CEO da Epic promete resolver seguro após demissão de dev com câncer terminal
Após forte repercussão, Tim Sweeney afirmou que a Epic Games vai resolver a situação do seguro de vida de um desenvolvedor demitido que enfrenta câncer cerebral terminal.
A recente onda de demissões na Epic Games ganhou contornos ainda mais delicados após vir a público o caso de um desenvolvedor com câncer cerebral terminal que perdeu o seguro de vida junto com o emprego.
Caso gerou forte comoção na comunidade
Mike Prinke, ex-programador da Epic, estava entre os mais de 1.000 funcionários desligados na recente reestruturação da empresa. Segundo relato público de sua esposa, Jenni Griffin, a família não perdeu apenas a renda, mas também o seguro de vida, algo crítico diante do estado de saúde do desenvolvedor.

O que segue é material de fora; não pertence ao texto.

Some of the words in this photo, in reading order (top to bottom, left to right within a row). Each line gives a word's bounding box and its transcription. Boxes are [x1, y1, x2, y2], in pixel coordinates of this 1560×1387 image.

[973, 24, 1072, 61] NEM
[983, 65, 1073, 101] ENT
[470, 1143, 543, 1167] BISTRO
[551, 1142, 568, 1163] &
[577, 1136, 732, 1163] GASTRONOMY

Como a doença agora é considerada uma condição pré-existente, a família não consegue contratar uma nova cobertura, o que agravou ainda mais a situação financeira e emocional.

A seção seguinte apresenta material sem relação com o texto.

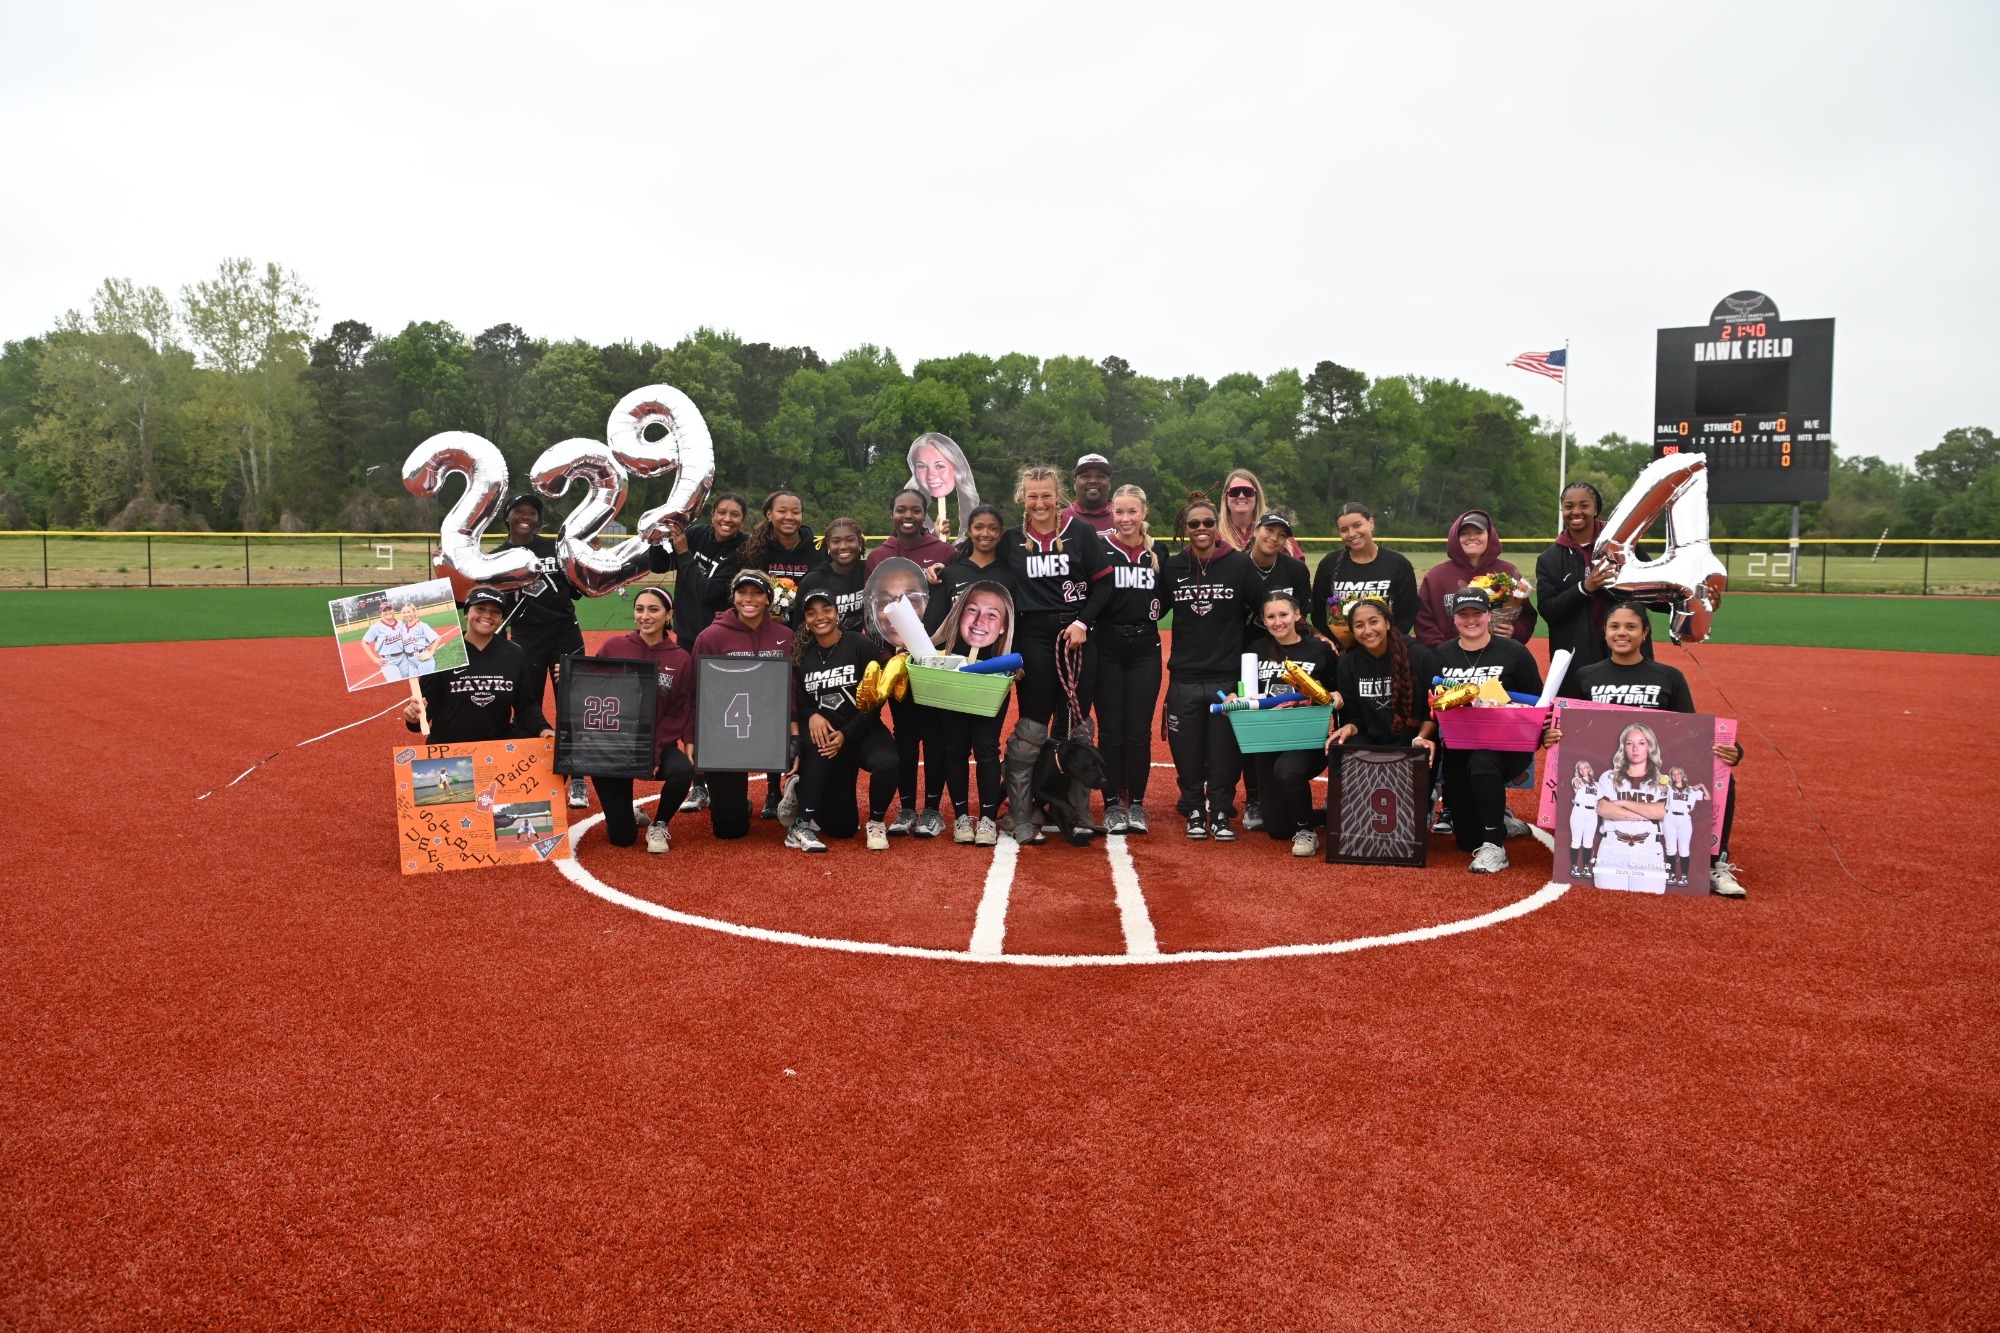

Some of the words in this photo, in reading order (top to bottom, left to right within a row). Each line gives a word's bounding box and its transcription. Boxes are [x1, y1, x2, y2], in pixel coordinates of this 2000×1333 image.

Tim Sweeney promete resolver o problema
Após a repercussão nas redes sociais, o CEO da Epic Games, Tim Sweeney, se pronunciou publicamente afirmando que a empresa está em contato com a família e que irá “resolver o seguro”.
Segundo Sweeney, informações médicas são tratadas com alta confidencialidade e não influenciaram a decisão da demissão. Ele também pediu desculpas por a situação não ter sido identificada e resolvida antes.
Demissões fazem parte de corte maior
A Epic confirmou recentemente a demissão de mais de 1.000 funcionários, justificando a medida pela queda no engajamento de Fortnite desde 2025 e pelo aumento dos custos operacionais.
- Plano de economia de US$ 500 milhões
- Redução de contratos e marketing
- Fechamento de vagas abertas
- Escala reduzida em modos como Rocket Racing e Ballistic
Impacto para a indústria
O caso reacende discussões sobre o impacto humano das demissões em massa na indústria de games, especialmente quando benefícios essenciais estão atrelados ao vínculo empregatício.
Para a comunidade, a resposta rápida da Epic pode amenizar parte da crise de imagem, mas o episódio também reforça debates sobre responsabilidade corporativa, benefícios e suporte a funcionários em situações críticas.
Em um setor já marcado por cortes sucessivos, a situação de Mike Prinke se tornou um dos exemplos mais sensíveis de como decisões financeiras podem ter consequências profundamente humanas.